Ya a mitad de la función, a uno de los angelotes a la derecha de mi sobrino, también muy guapo, le entraron ganas de hacer pipi. La profesora, seria y rigurosa como corresponde a un docente de criaturas de cinco años, había advertido a su tropa que nada de miccionar durante la obra. Pero qué quieren, ¡es la naturaleza! El muchacho, como no se podía aguantar, y tampoco podía pedir a la profesora que le aliviase, se puso a saltar sobre sí mismo. Primero imperceptible y sosegadamente, chico educado. Pero poco después, de un modo absolutamente desproporcionado. Botaba, profería pequeños gemidos, se tocaba el pito. Y la gente, que hasta entonces no había prestado atención alguna a la función, y sí a lo que llevaban puesto sus vecinos, se empezó, literalmente, a tronchar de risa. Las carcajadas fueron sonoras. Y, finalmente, a la profesora no le quedó otro remedio que llevar a la criatura al mingitorio. Huelga decir que la anécdota arrancó una ovación. Por lo demás, mi sobrino cumplió, y echó su buen pis al acabar la memorable composición.

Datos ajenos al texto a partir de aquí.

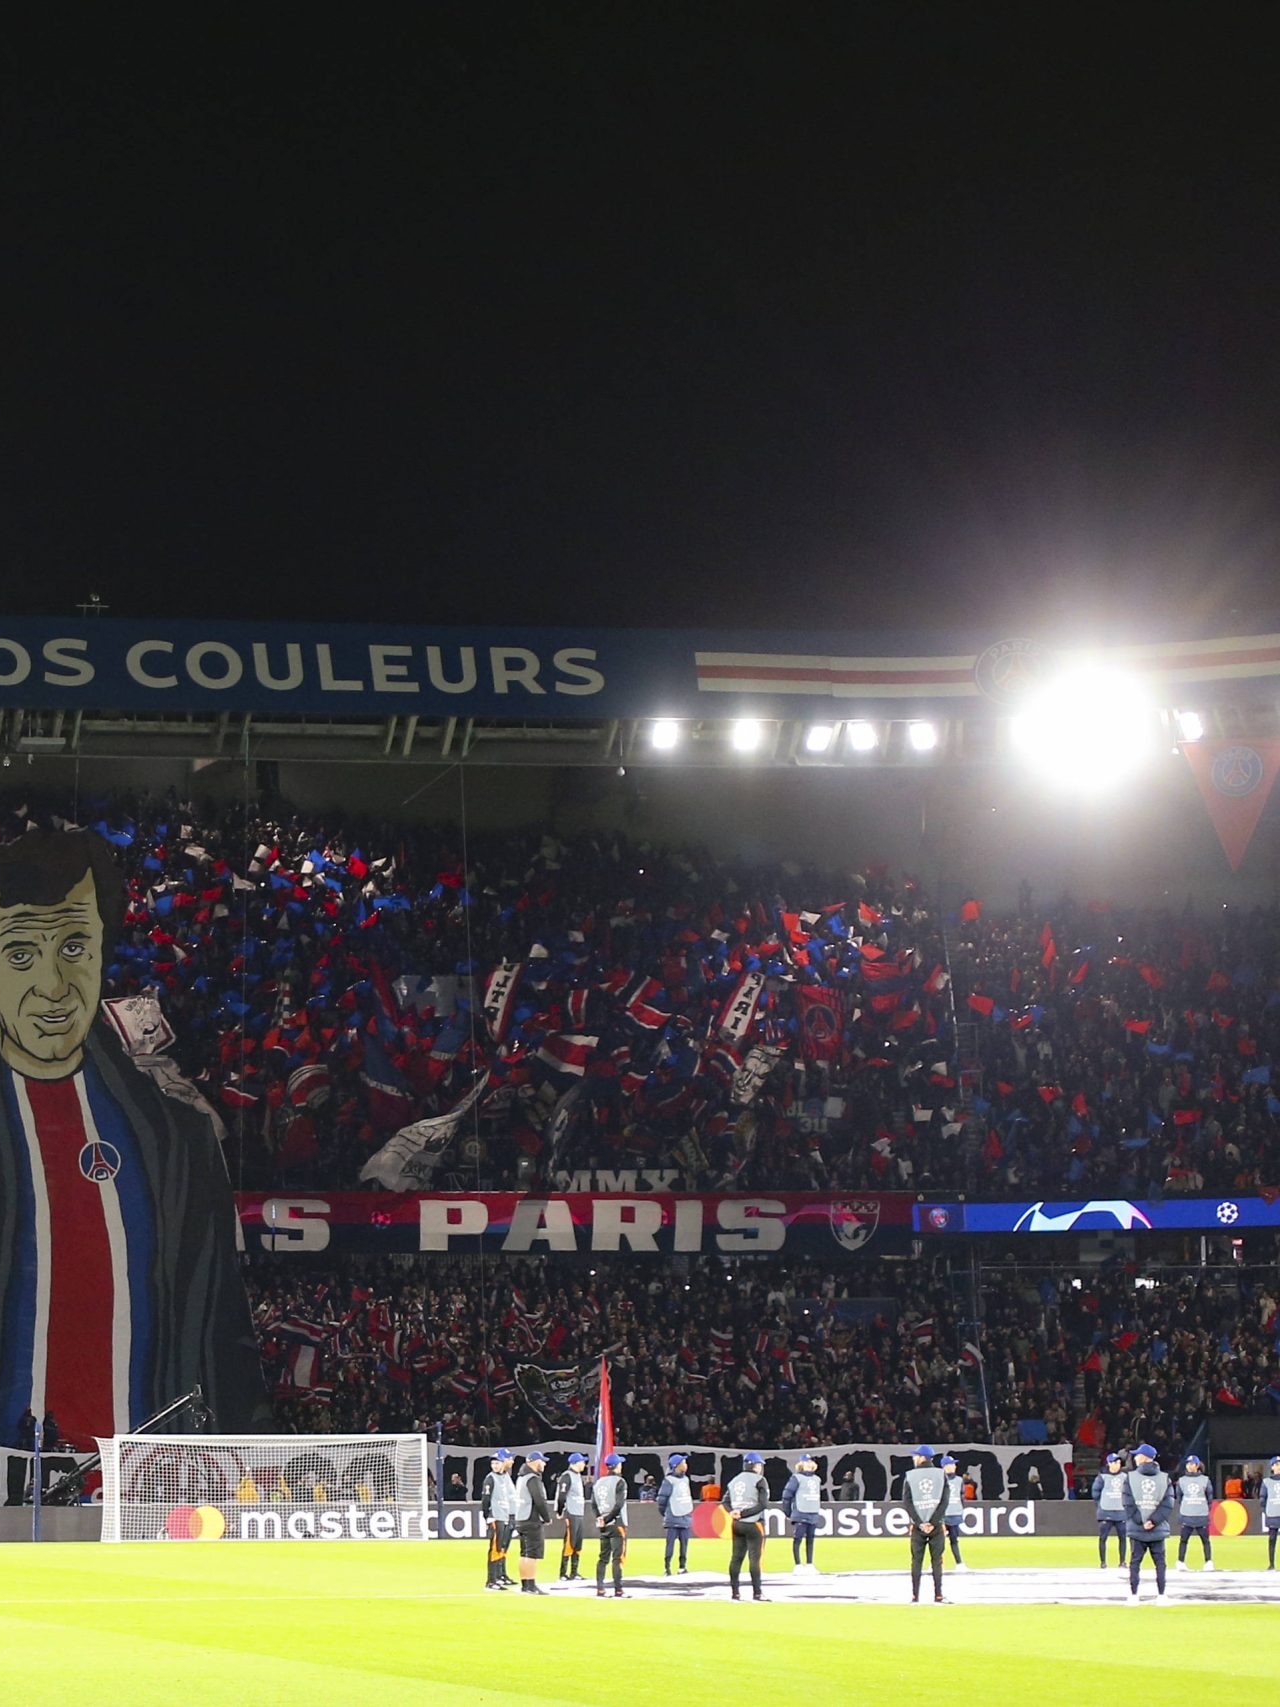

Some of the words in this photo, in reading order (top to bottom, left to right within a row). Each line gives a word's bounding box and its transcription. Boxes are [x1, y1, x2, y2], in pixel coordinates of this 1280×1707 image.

[125, 640, 606, 695] COULEURS
[419, 1198, 788, 1252] PARIS
[240, 1504, 519, 1540] masterca

Pasa el tiempo como decía el programa que pasaba la vida, y ayer, en un descanso de la lluvia y la nieve que caería poco después, a calderos, fui a hacer algunas adquisiciones. Compré una yenga, para pasar en familia la noche de hoy. Es un juego sencillísimo y muy divertido. La caja pone “a partir de seis años”, lo cual puede parecer a primera vista un poco lamentable. Pero yo he estado jugando con mis amigos poco antes de salir de fiesta y comprobar los nuevos diseños de lencería de esta temporada, y me lo he pasado genial. Hay que tener un tacto exquisito, oigan. Ya estoy viendo hoy a mi padre, y a sus grandes manos, hacer sus cuitas para que no se le caiga la torre de piezas de madera encima.

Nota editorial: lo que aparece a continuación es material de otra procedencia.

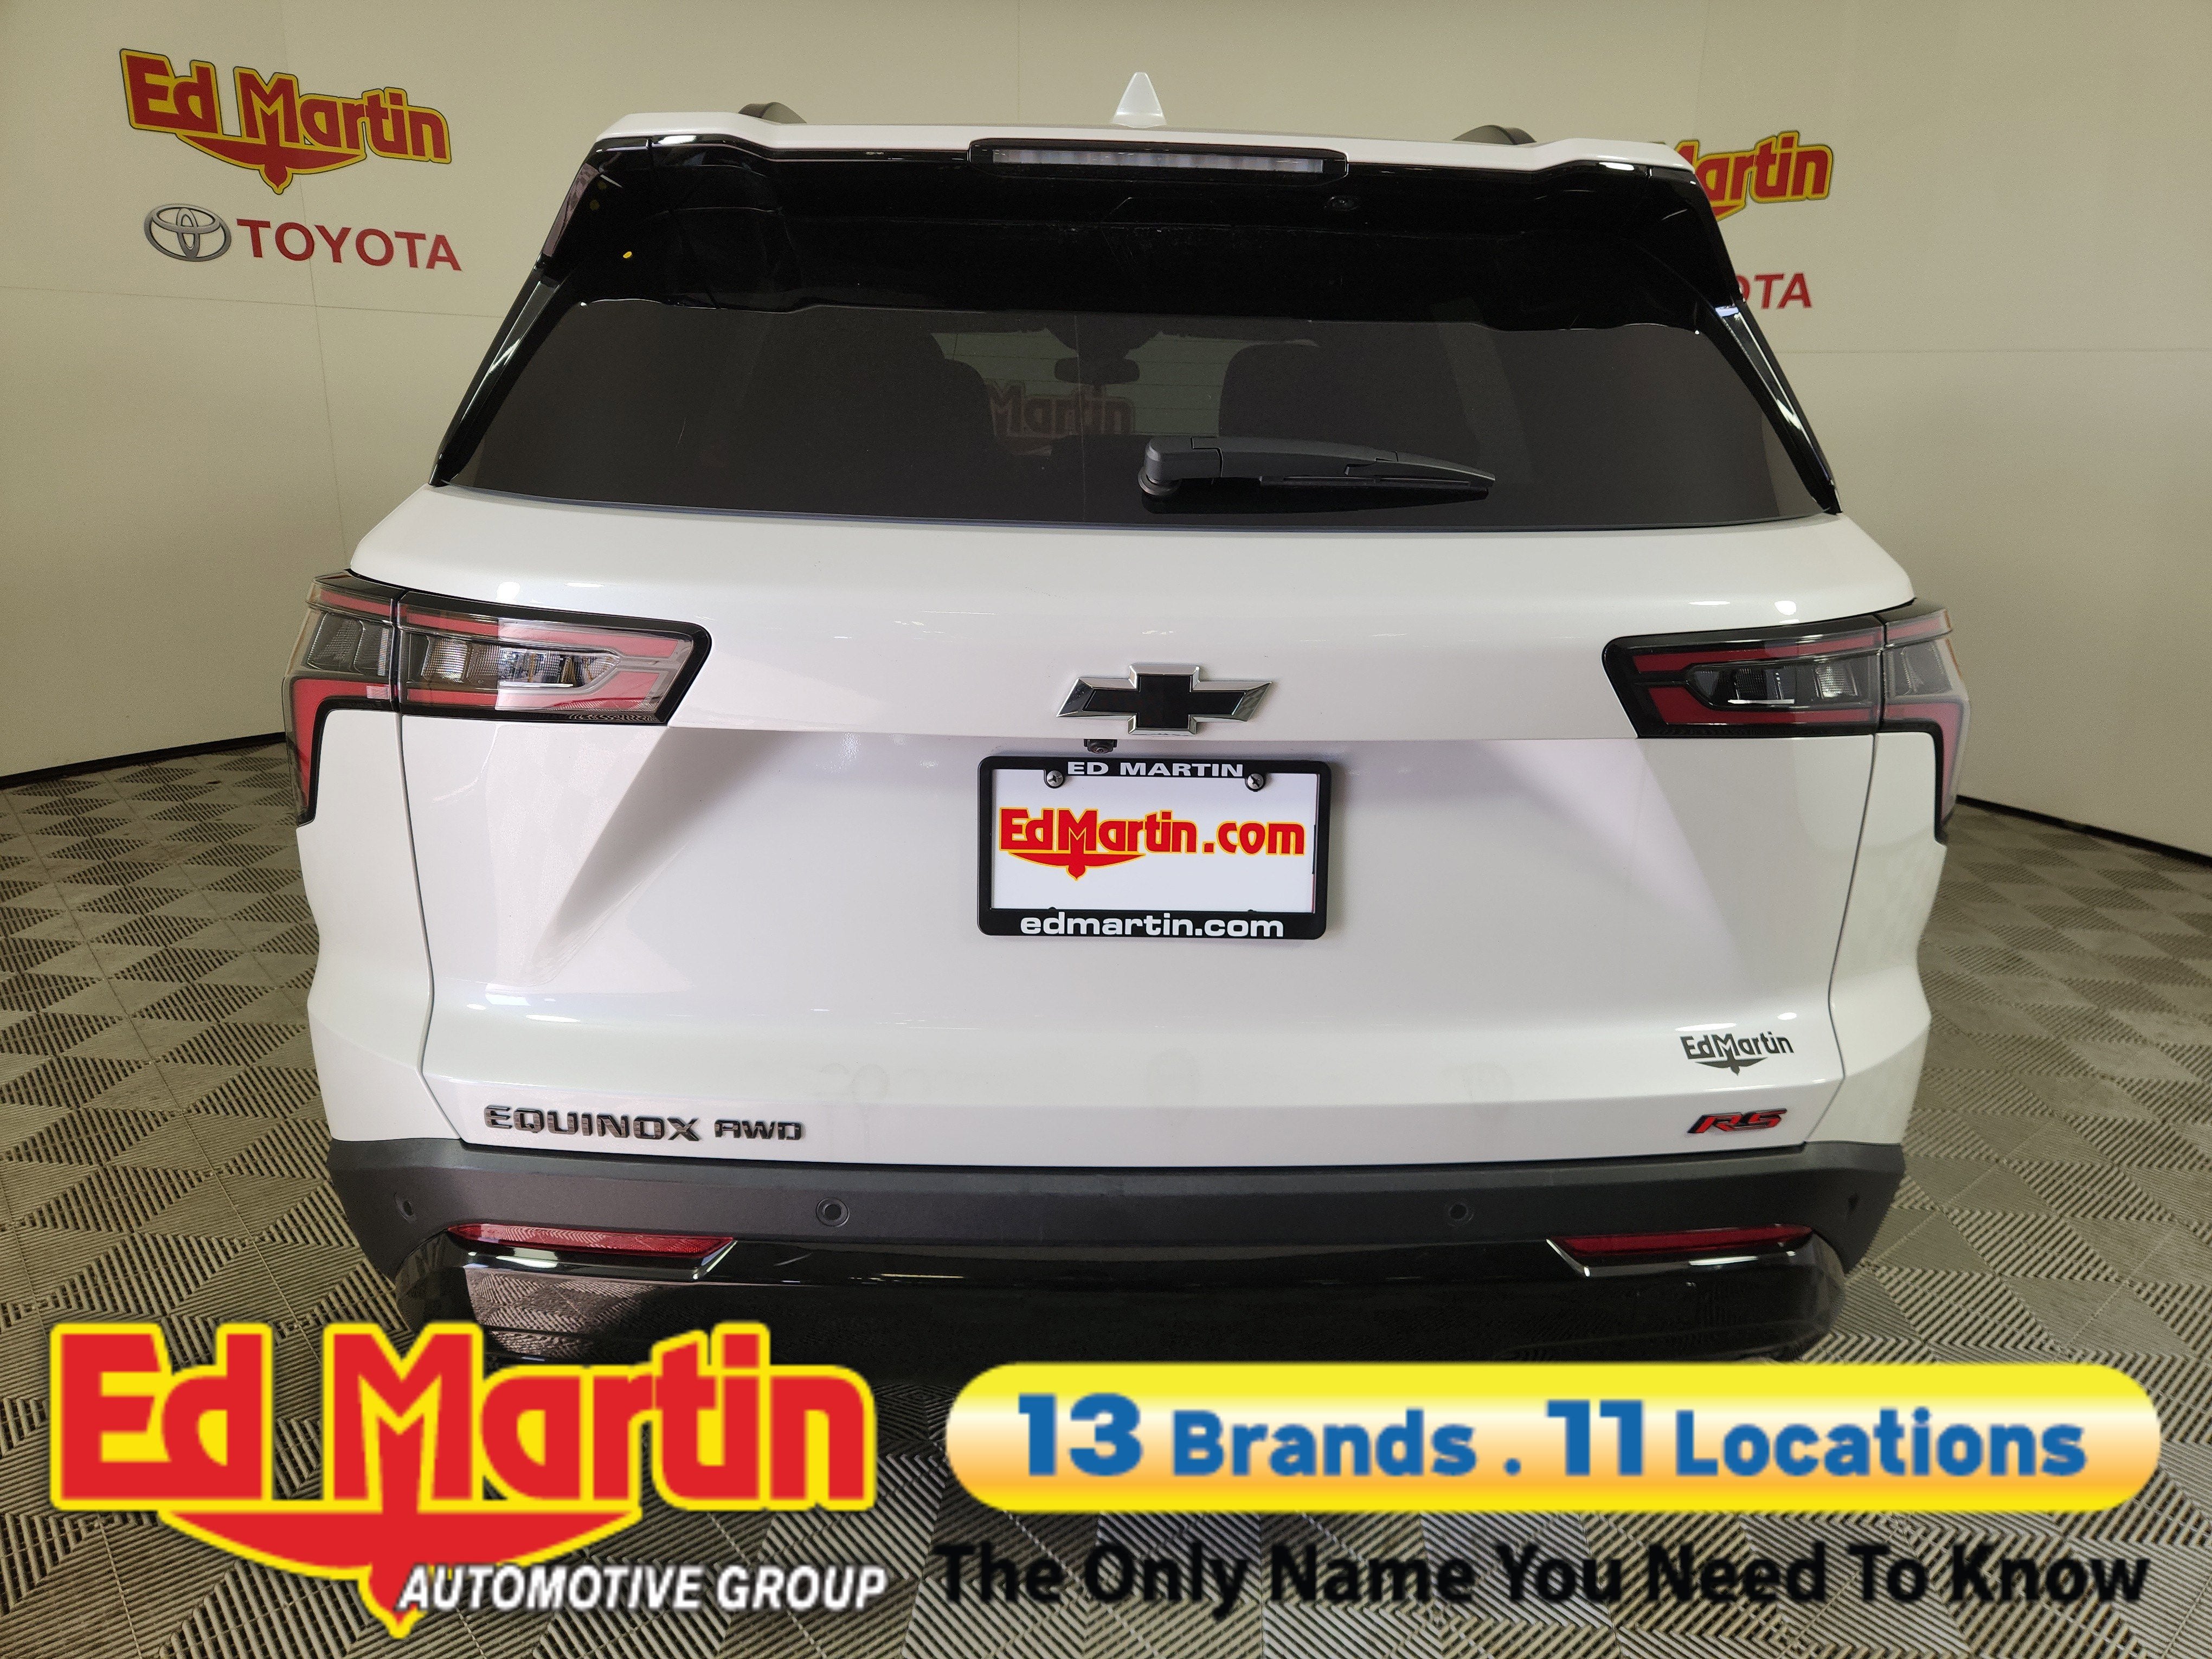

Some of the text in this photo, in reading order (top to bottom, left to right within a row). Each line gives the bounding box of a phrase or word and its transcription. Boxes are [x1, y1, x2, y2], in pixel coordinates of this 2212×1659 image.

[120, 49, 452, 164] Ed Martin
[1675, 130, 1834, 204] artin
[236, 217, 462, 271] TOYOTA
[1068, 762, 1244, 777] ED MARTIN
[1020, 912, 1284, 937] edmartin.com
[483, 1104, 805, 1142] EQUINOX AWD
[1687, 1108, 1787, 1134] RS

No mucho después de esta compra, y como también pasé por delante de una librería, pues la carne es débil, me compré un libro. Vida de Samuel Johnson, de James Boswell, nada menos. Llevaba tiempo detrás de esta joya, y en estas fechas, en las que uno va por la calle con más dinero del cristianamente aconsejado, son inevitables algunos dispendios. Es una biografía. Se considera la obra cumbre del género. Tiene dos mil páginas. Y su autor tardó la friolera de cincuenta años en escribirla. Se me hace la boca agua. Una obra maestra, vaya.
Y de contarles algo les voy a contar poco más. Son días, como ven, bastante iguales para casi todo el mundo. Hoy iré a echar el tradicional mus de nochebuena, y su tradicional copa, ¡a las cinco de la tarde! Y a dicho evento, casi con toda seguridad, seguirá una ronda de cortos hasta que el Rey lea su acostumbrado mensaje navideño (este año dicen que hay novedades de perspectiva, aunque no sé si en el mensaje o en la imagen: en cualquier caso, estaré atento). Pasen una feliz noche y mañana un feliz día de navidad. Y pásenlo con la gente que quieren. Es una lástima que haya que buscar una disculpa en el calendario para hacer algo que debería repetirse con bastante más frecuencia.